Find the line with "this 1280×1080 image.". Transcribe it and each later line of the data exactly, up to and including the last.

## Provided entries
------------------------

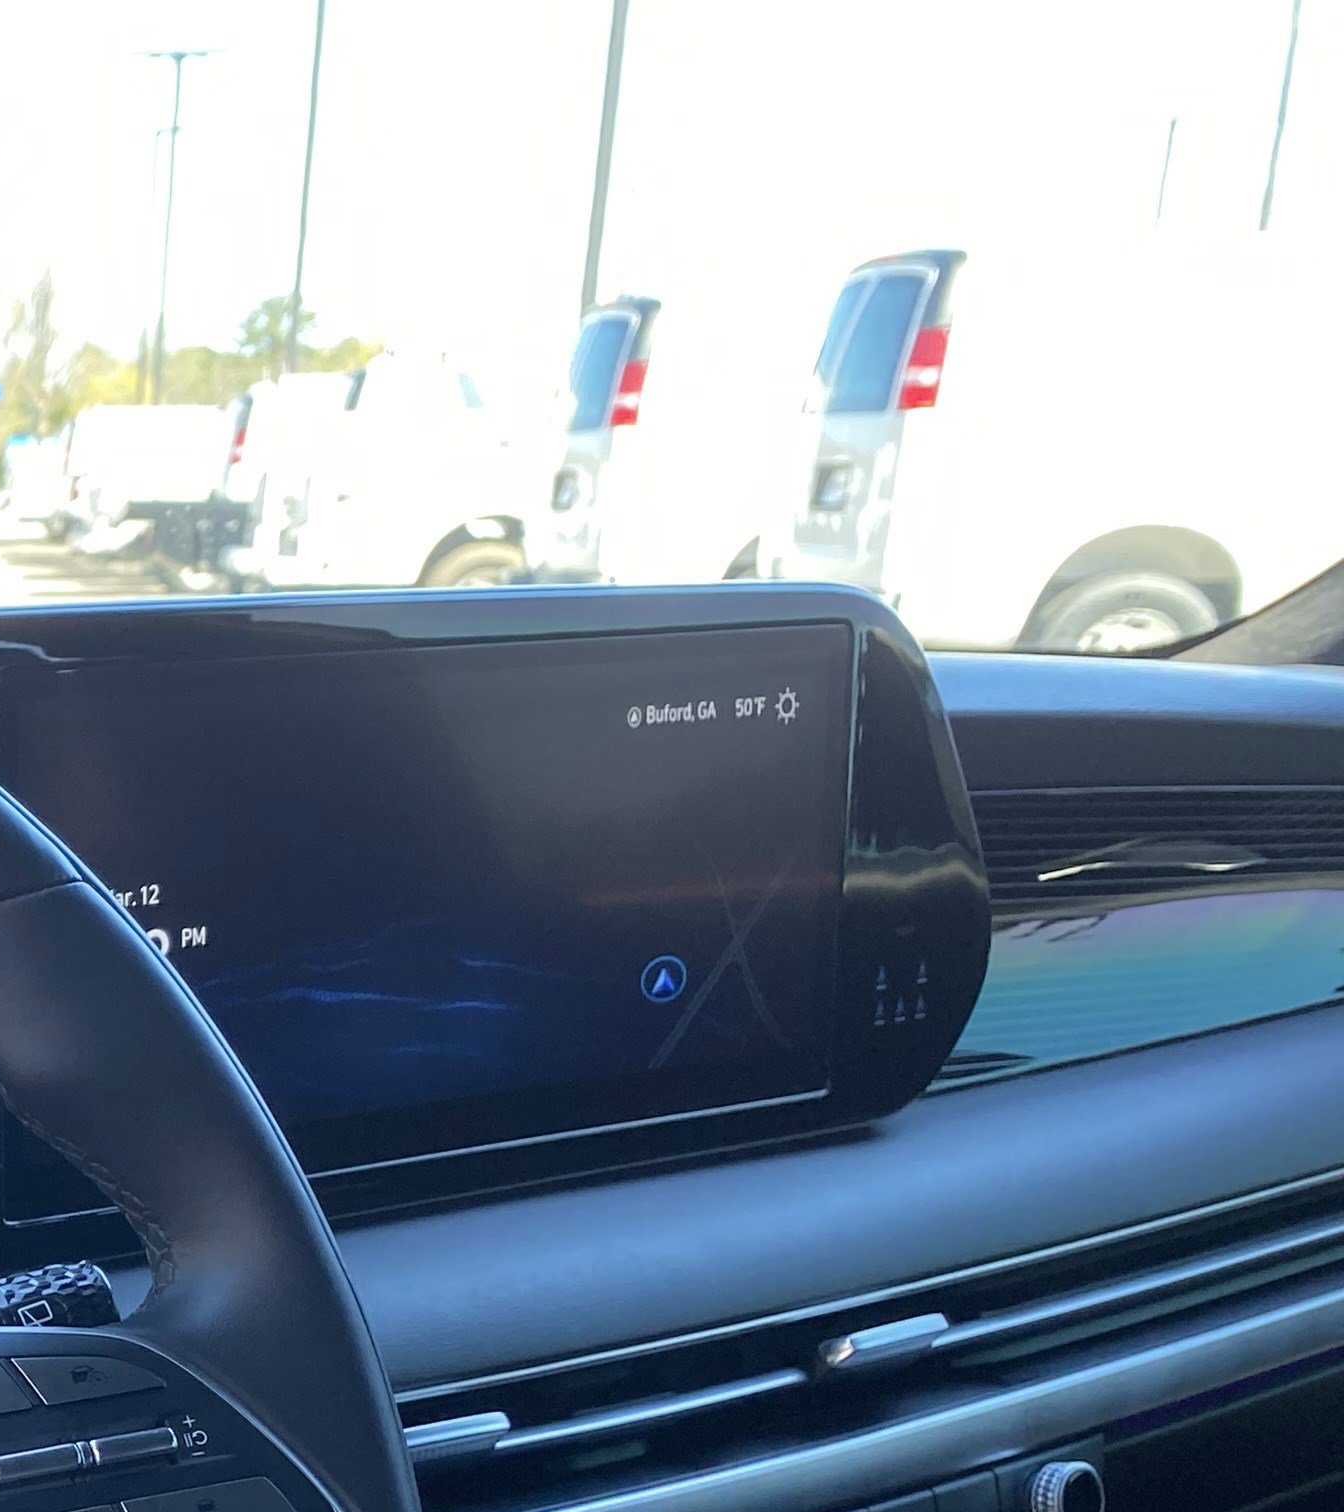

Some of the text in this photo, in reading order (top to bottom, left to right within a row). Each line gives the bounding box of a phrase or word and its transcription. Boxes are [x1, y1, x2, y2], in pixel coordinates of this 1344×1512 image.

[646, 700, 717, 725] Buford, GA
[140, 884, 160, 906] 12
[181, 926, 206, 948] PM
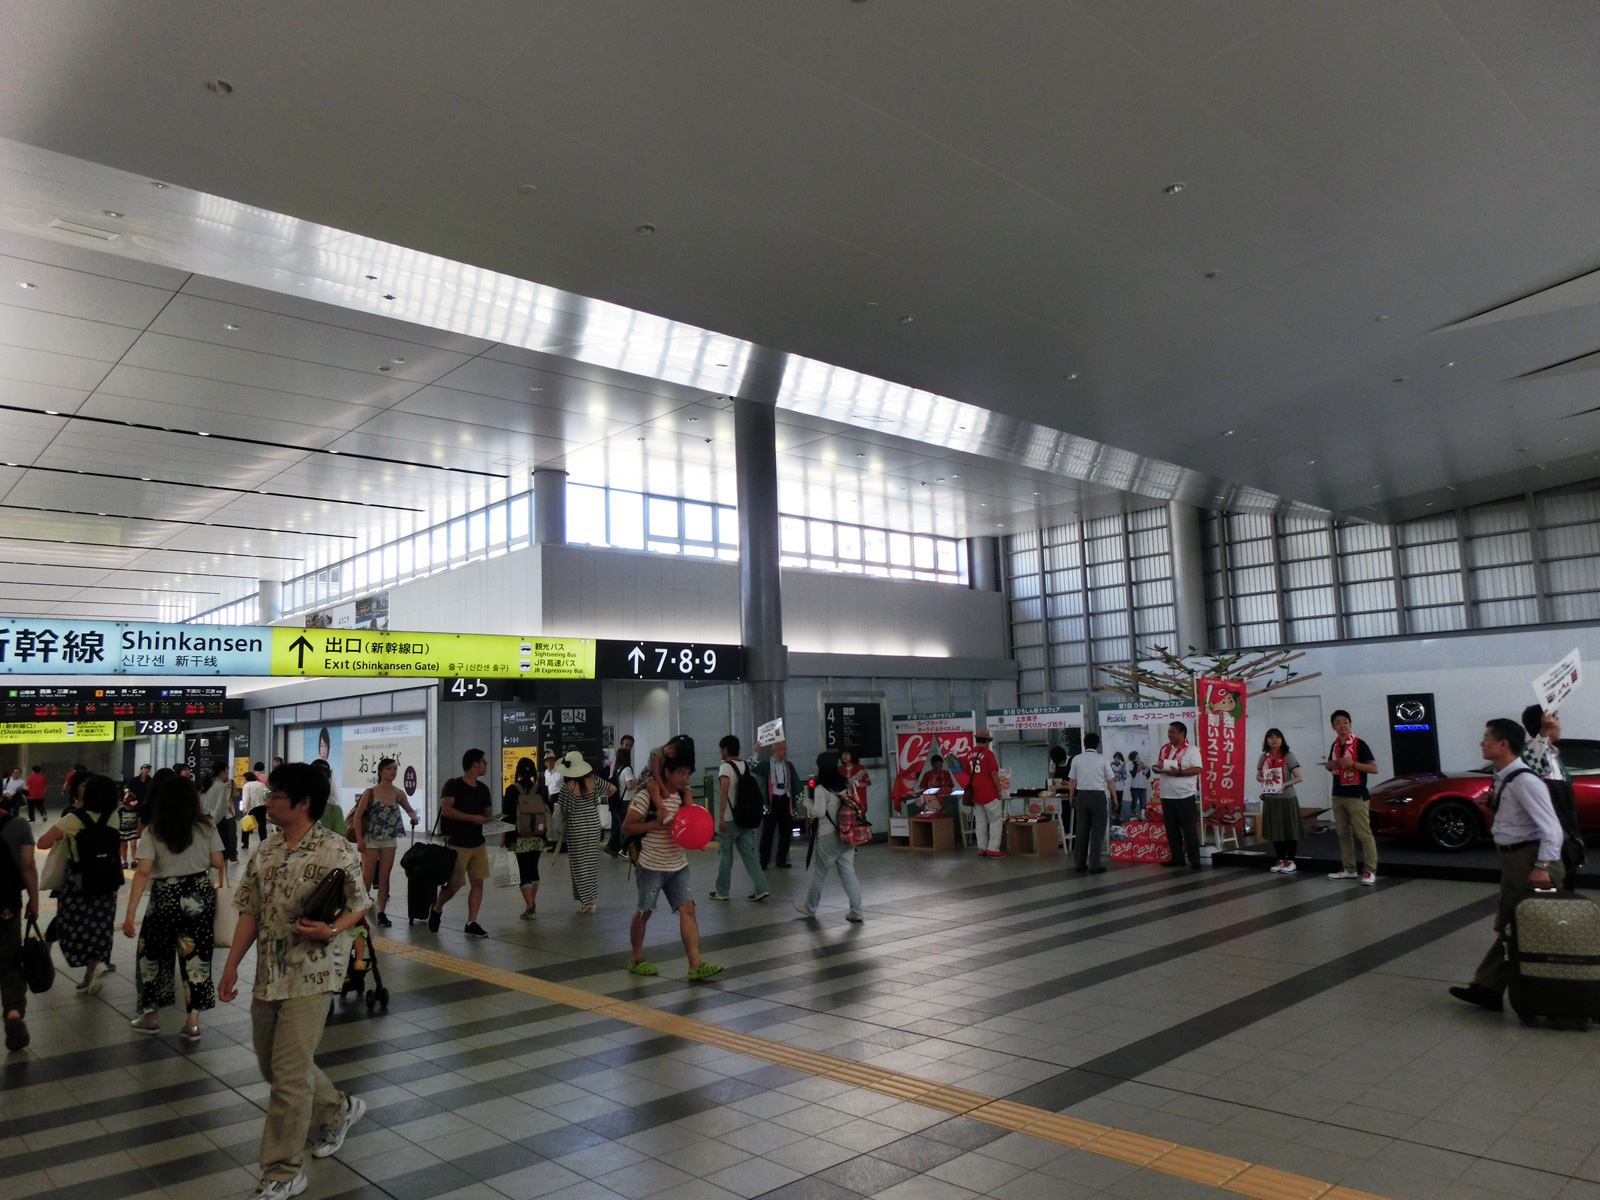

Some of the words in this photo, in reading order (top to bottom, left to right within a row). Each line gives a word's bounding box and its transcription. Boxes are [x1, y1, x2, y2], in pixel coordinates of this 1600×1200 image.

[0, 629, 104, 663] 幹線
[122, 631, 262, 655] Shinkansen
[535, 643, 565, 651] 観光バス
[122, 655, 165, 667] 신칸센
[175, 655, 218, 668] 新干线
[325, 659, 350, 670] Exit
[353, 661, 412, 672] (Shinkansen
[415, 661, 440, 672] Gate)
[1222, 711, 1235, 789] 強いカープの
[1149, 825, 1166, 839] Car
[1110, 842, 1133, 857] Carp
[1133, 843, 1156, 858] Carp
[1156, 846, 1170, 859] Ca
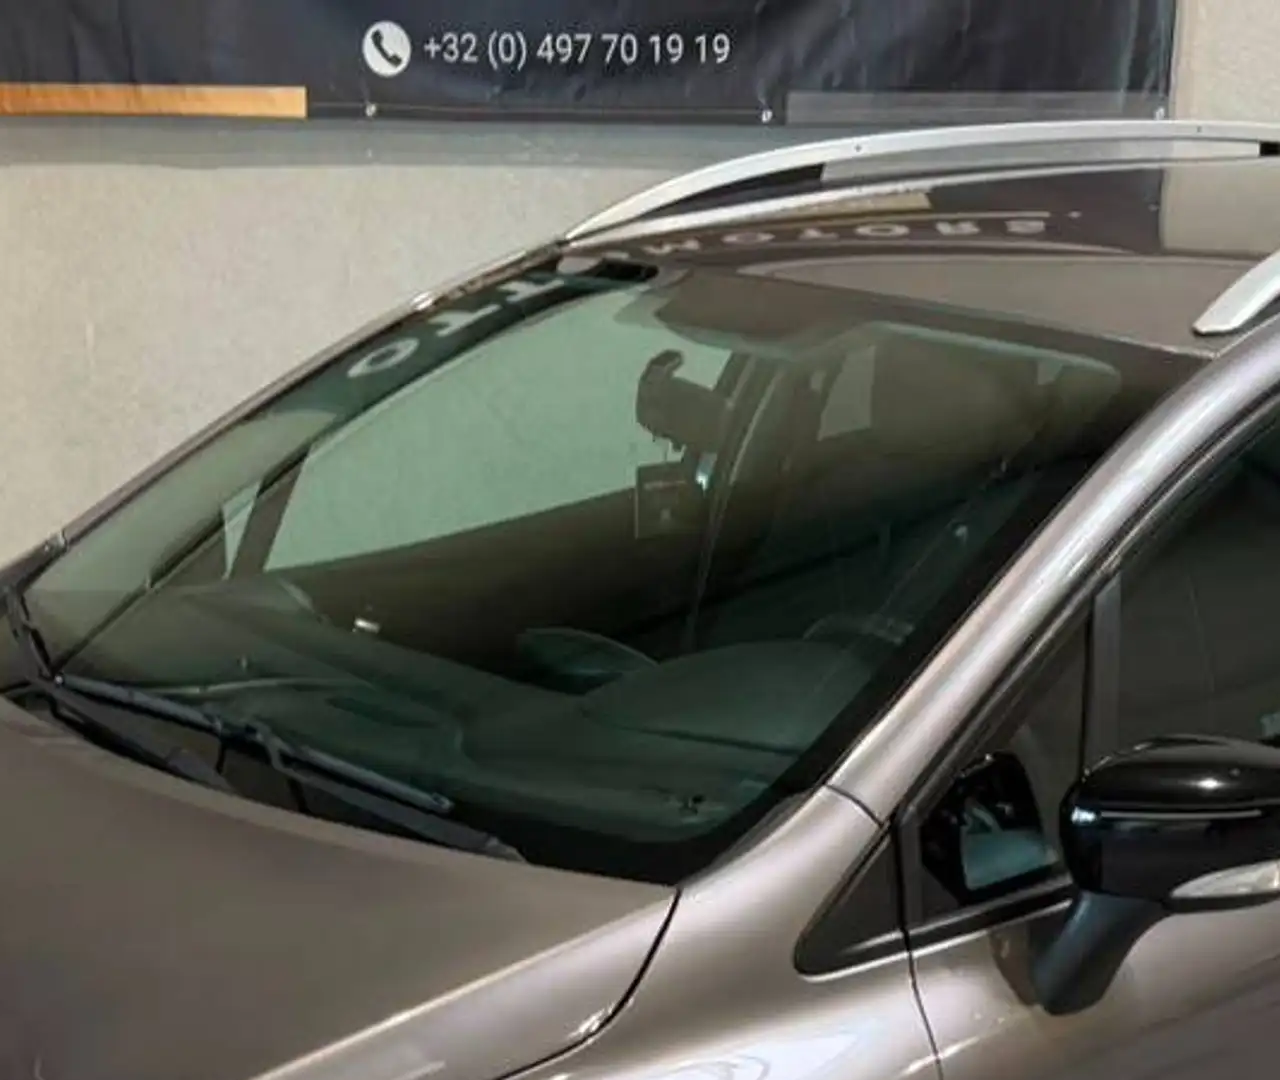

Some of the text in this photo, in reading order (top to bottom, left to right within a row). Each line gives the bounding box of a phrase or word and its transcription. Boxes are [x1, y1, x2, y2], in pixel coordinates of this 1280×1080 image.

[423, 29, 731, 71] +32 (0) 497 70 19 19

------------------------

## Reply to the exercise
Some of the text in this photo, in reading order (top to bottom, left to right within a row). Each line gives the bounding box of a phrase or word and its transcription. Boxes are [x1, y1, x2, y2], in pixel coordinates of this 1280×1080 image.

[423, 29, 731, 71] +32 (0) 497 70 19 19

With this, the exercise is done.